RECORD EXTRACTS »

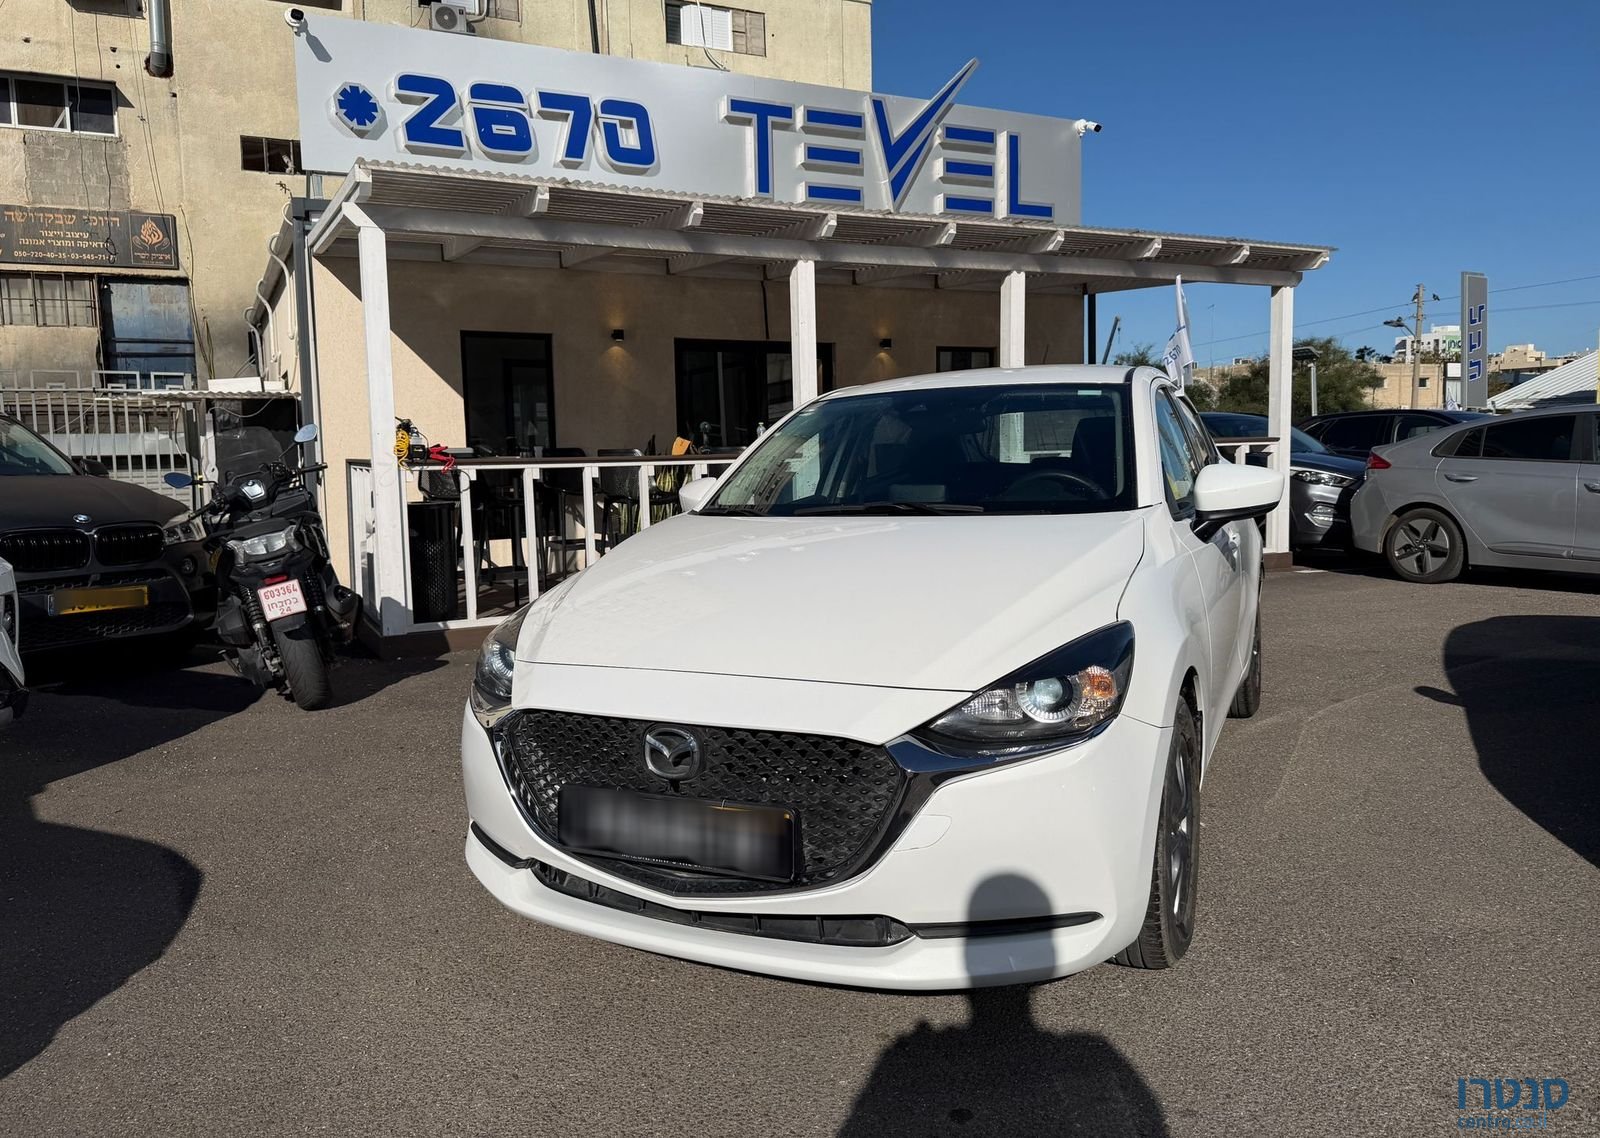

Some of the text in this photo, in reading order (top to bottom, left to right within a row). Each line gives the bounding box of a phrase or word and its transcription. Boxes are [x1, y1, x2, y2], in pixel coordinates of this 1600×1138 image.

[724, 57, 1055, 219] TEVEL
[38, 229, 90, 239] עיצוב וייצור
[18, 237, 46, 246] אמונה
[47, 238, 75, 247] ומוצרי
[263, 583, 298, 600] 603364
[279, 606, 292, 615] 24
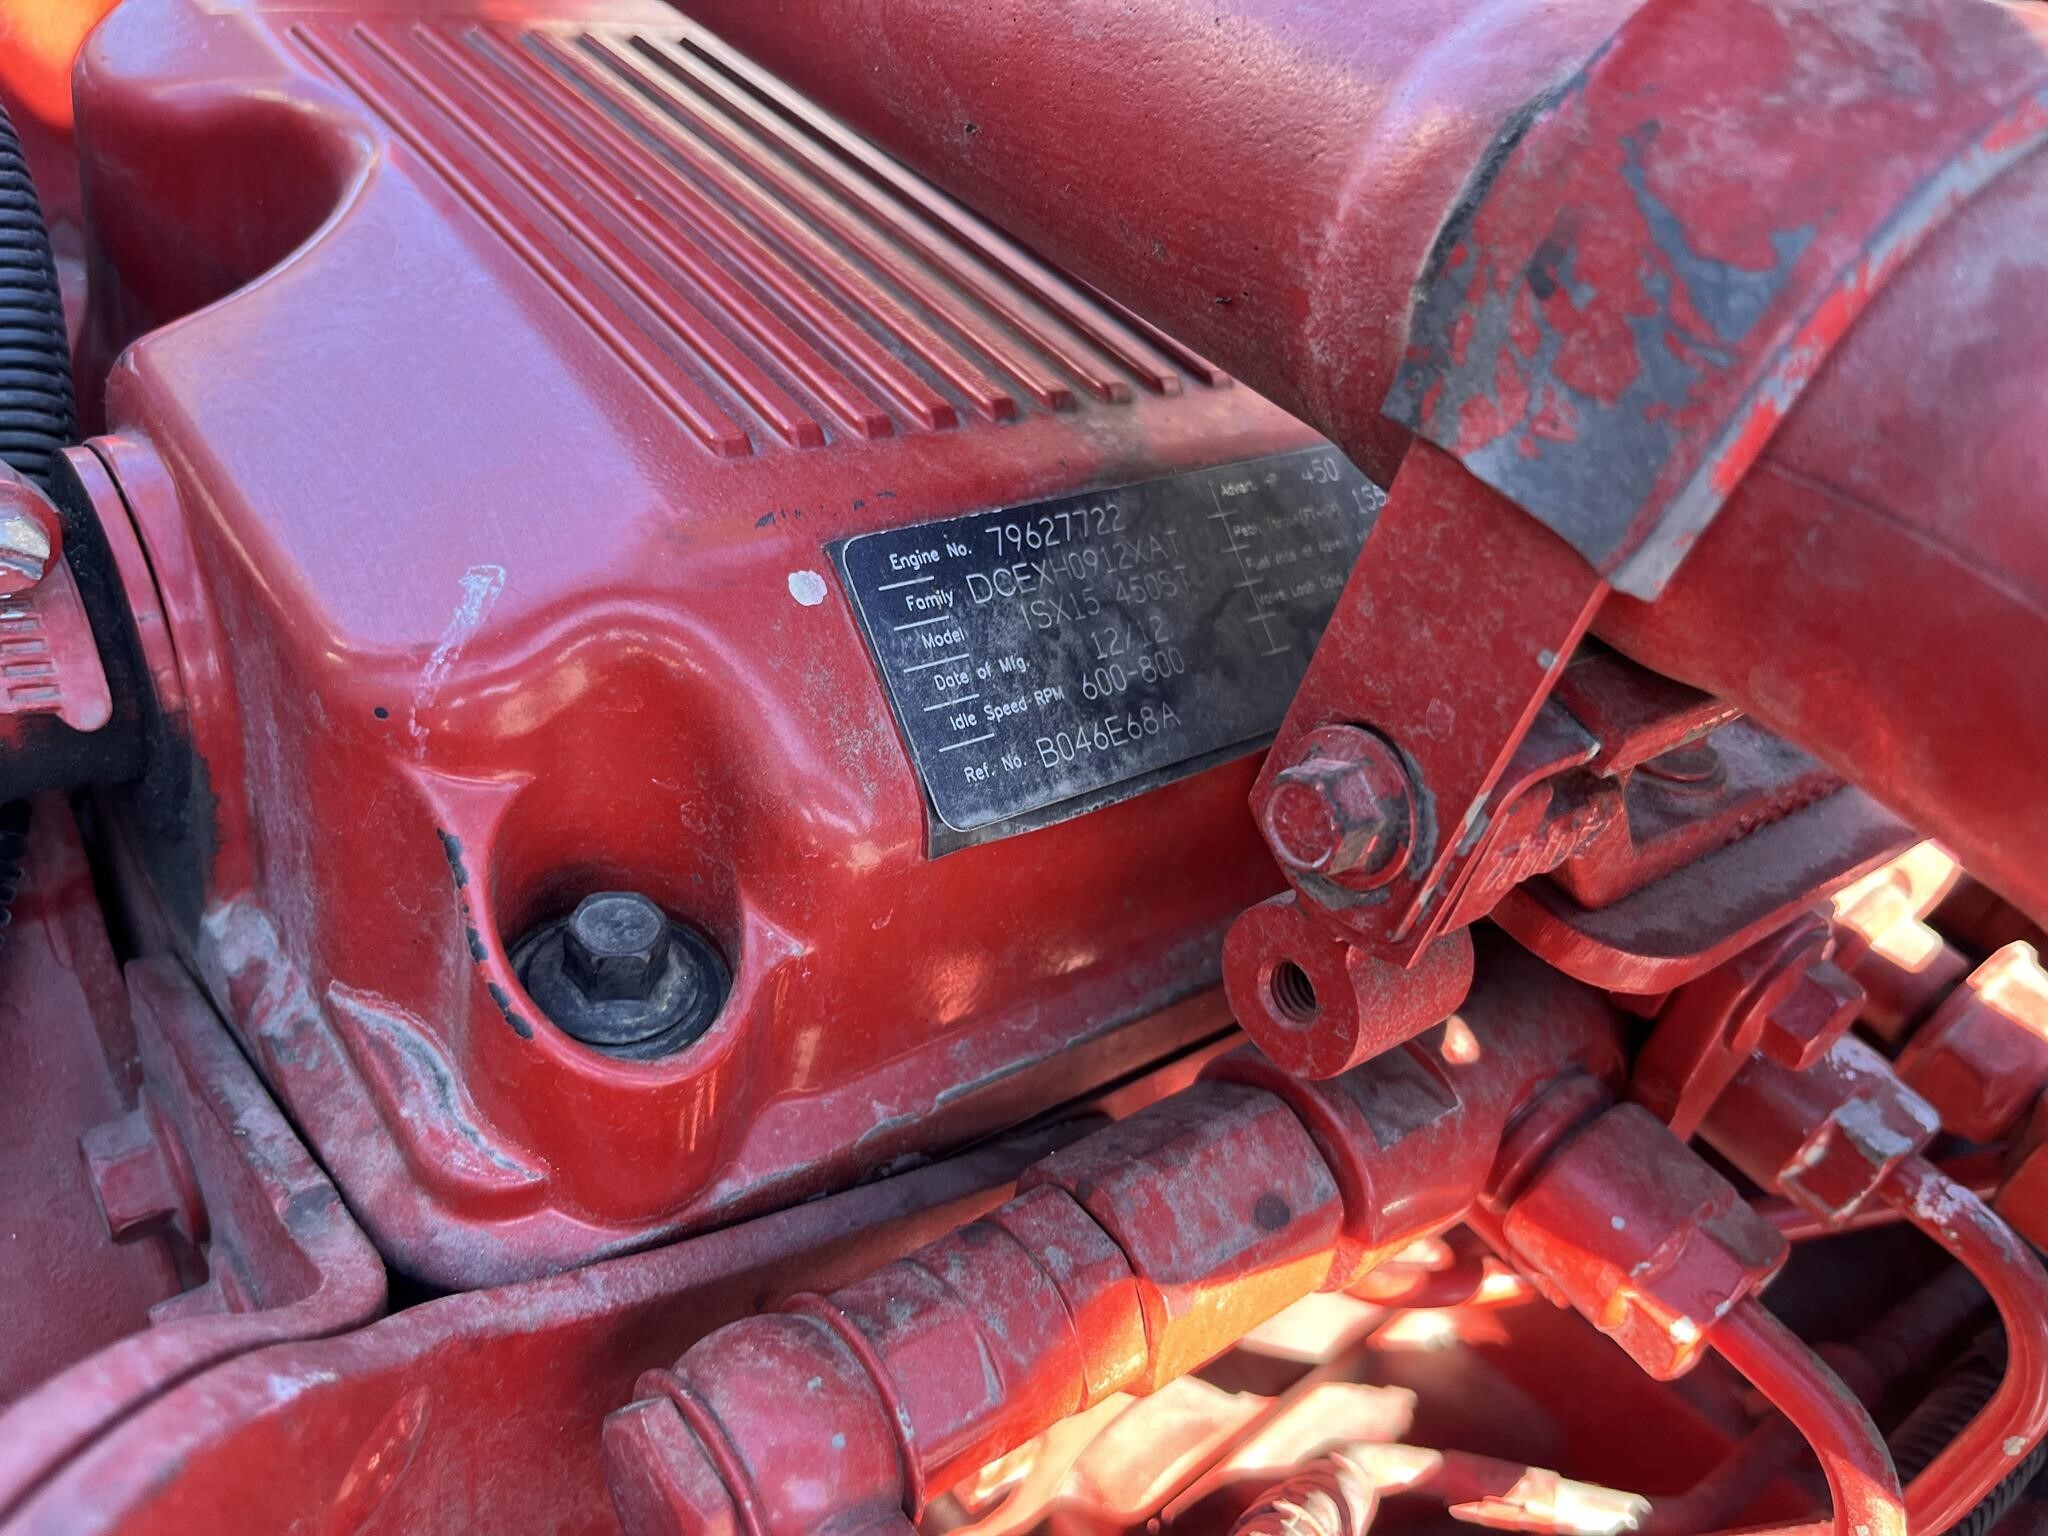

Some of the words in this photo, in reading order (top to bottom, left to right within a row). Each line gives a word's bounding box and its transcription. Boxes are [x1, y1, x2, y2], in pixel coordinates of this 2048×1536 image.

[1301, 456, 1341, 484] 450
[985, 504, 1126, 557] 79627722
[889, 547, 940, 574] Engine
[946, 540, 972, 560] No.
[965, 530, 1182, 605] DCEXH0912XAT
[905, 588, 954, 613] Family
[1020, 587, 1100, 631] ISX15
[1115, 565, 1192, 606] 450ST
[921, 627, 966, 650] Model
[1090, 615, 1170, 661] 12/12
[933, 668, 970, 692] Date
[977, 662, 993, 681] of
[999, 654, 1031, 676] Mfg.
[1081, 647, 1186, 701] 600-800
[949, 713, 978, 732] Idle
[983, 697, 1029, 724] Speed
[1033, 684, 1066, 708] RPM
[1035, 700, 1182, 769] B046E68A
[963, 762, 996, 784] Ref.
[1001, 751, 1028, 773] No.
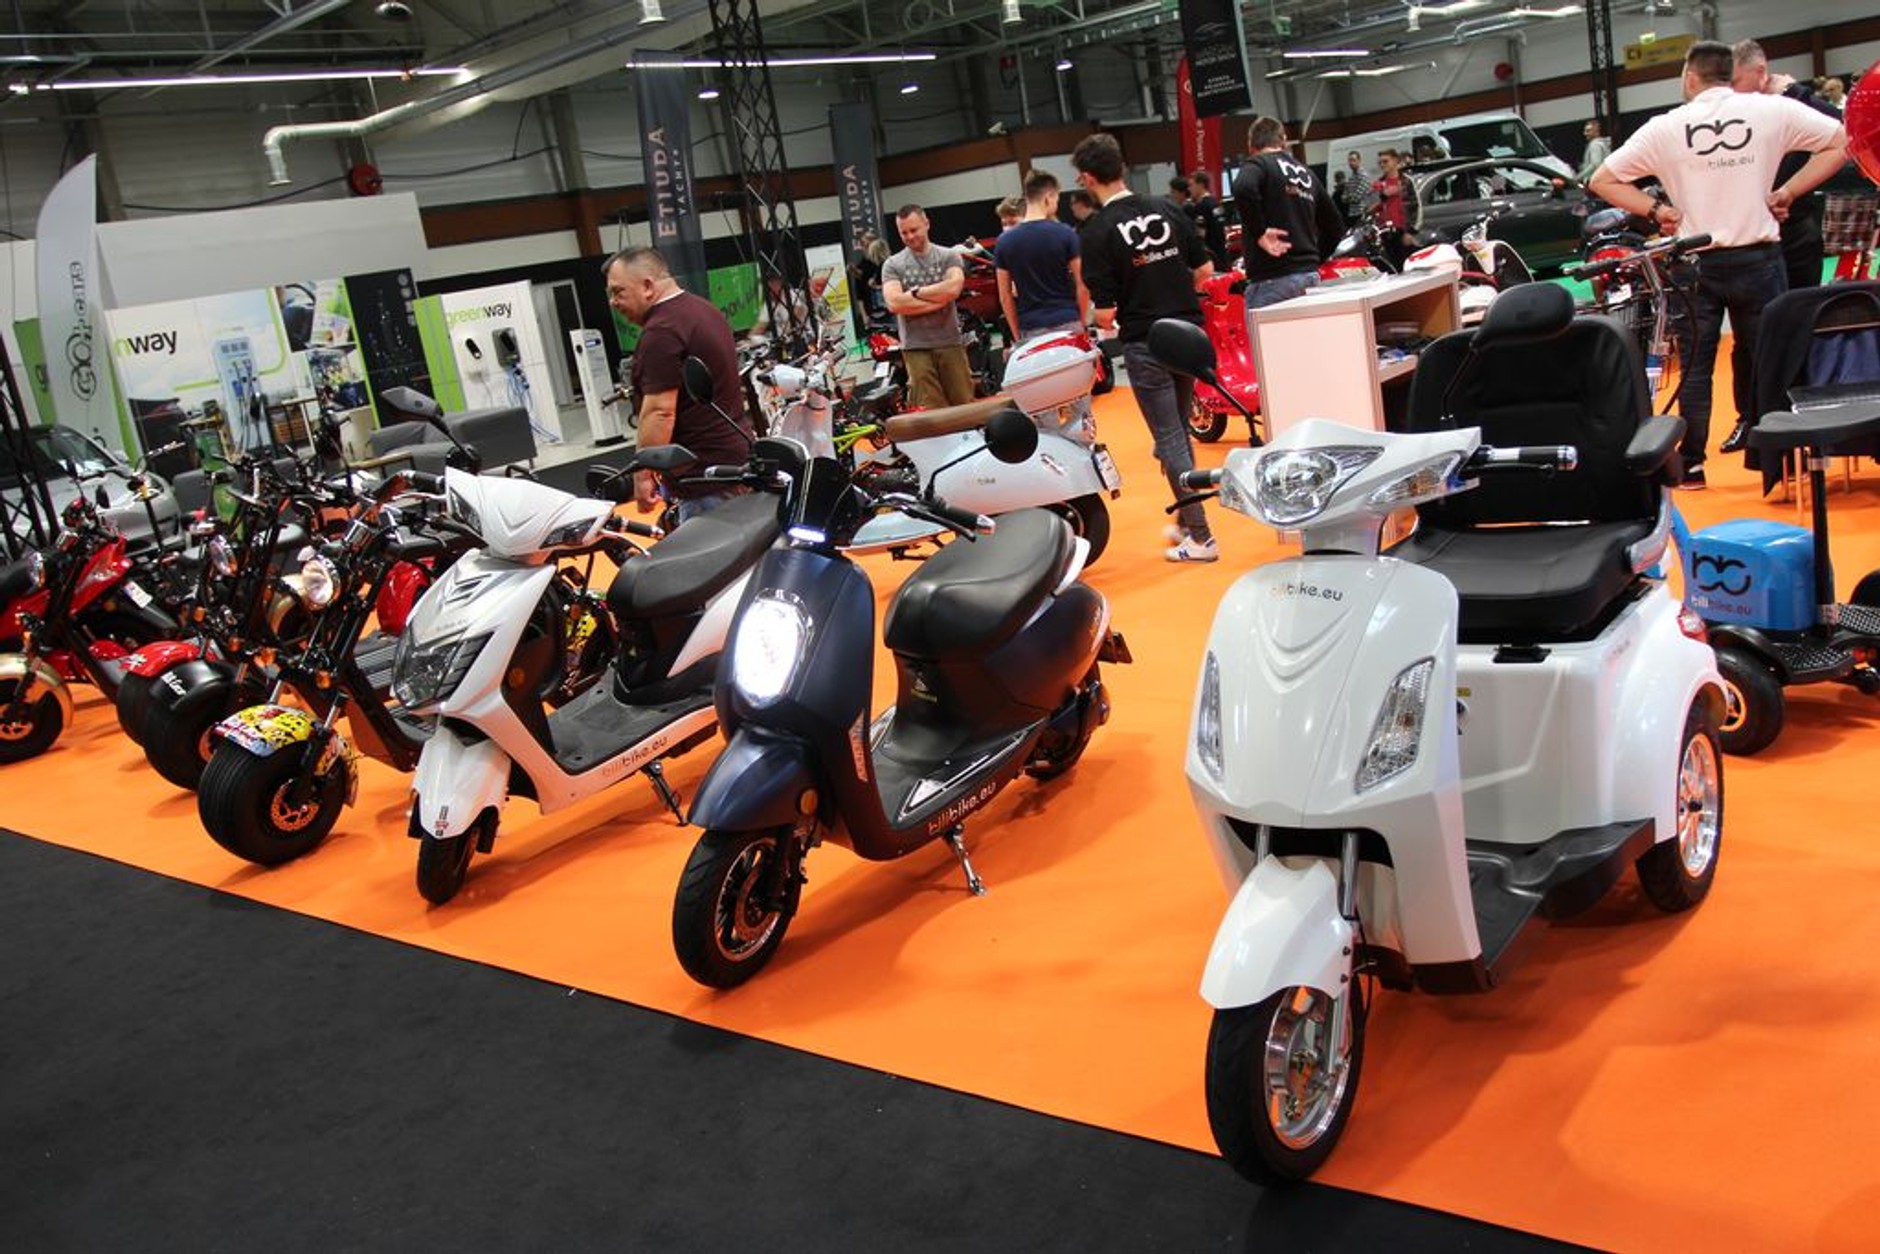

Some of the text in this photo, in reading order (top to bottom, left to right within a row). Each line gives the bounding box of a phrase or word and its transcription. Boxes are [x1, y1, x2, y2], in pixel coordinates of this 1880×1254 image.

REQUIREMENT »
Minus its pictures, the full listing should be copied verbatim.

YOUR SOLUTION »
Some of the text in this photo, in reading order (top to bottom, left to right within a row). Each line gives the bounding box of a phrase or word and its transcription. Boxes are [x1, y1, x2, y2], in pixel coordinates of this 1600×1138 image.

[724, 57, 1055, 219] TEVEL
[38, 229, 90, 239] עיצוב וייצור
[18, 237, 46, 246] אמונה
[47, 238, 75, 247] ומוצרי
[263, 583, 298, 600] 603364
[279, 606, 292, 615] 24

Some of the words in this photo, in reading order (top to bottom, left to right within a row). Each line gives a word's bounding box and its transcription. Boxes are [x1, y1, x2, y2], in pixel coordinates of this 2048×1536 image.

[1301, 456, 1341, 484] 450
[985, 504, 1126, 557] 79627722
[889, 547, 940, 574] Engine
[946, 540, 972, 560] No.
[965, 530, 1182, 605] DCEXH0912XAT
[905, 588, 954, 613] Family
[1020, 587, 1100, 631] ISX15
[1115, 565, 1192, 606] 450ST
[921, 627, 966, 650] Model
[1090, 615, 1170, 661] 12/12
[933, 668, 970, 692] Date
[977, 662, 993, 681] of
[999, 654, 1031, 676] Mfg.
[1081, 647, 1186, 701] 600-800
[949, 713, 978, 732] Idle
[983, 697, 1029, 724] Speed
[1033, 684, 1066, 708] RPM
[1035, 700, 1182, 769] B046E68A
[963, 762, 996, 784] Ref.
[1001, 751, 1028, 773] No.

Some of the text in this photo, in reading order (top to bottom, left to right within a row). Each line gives the bounding box of a phrase or word and its transcription. Boxes are [x1, y1, x2, y2], in pixel coordinates of this 1880×1254 image.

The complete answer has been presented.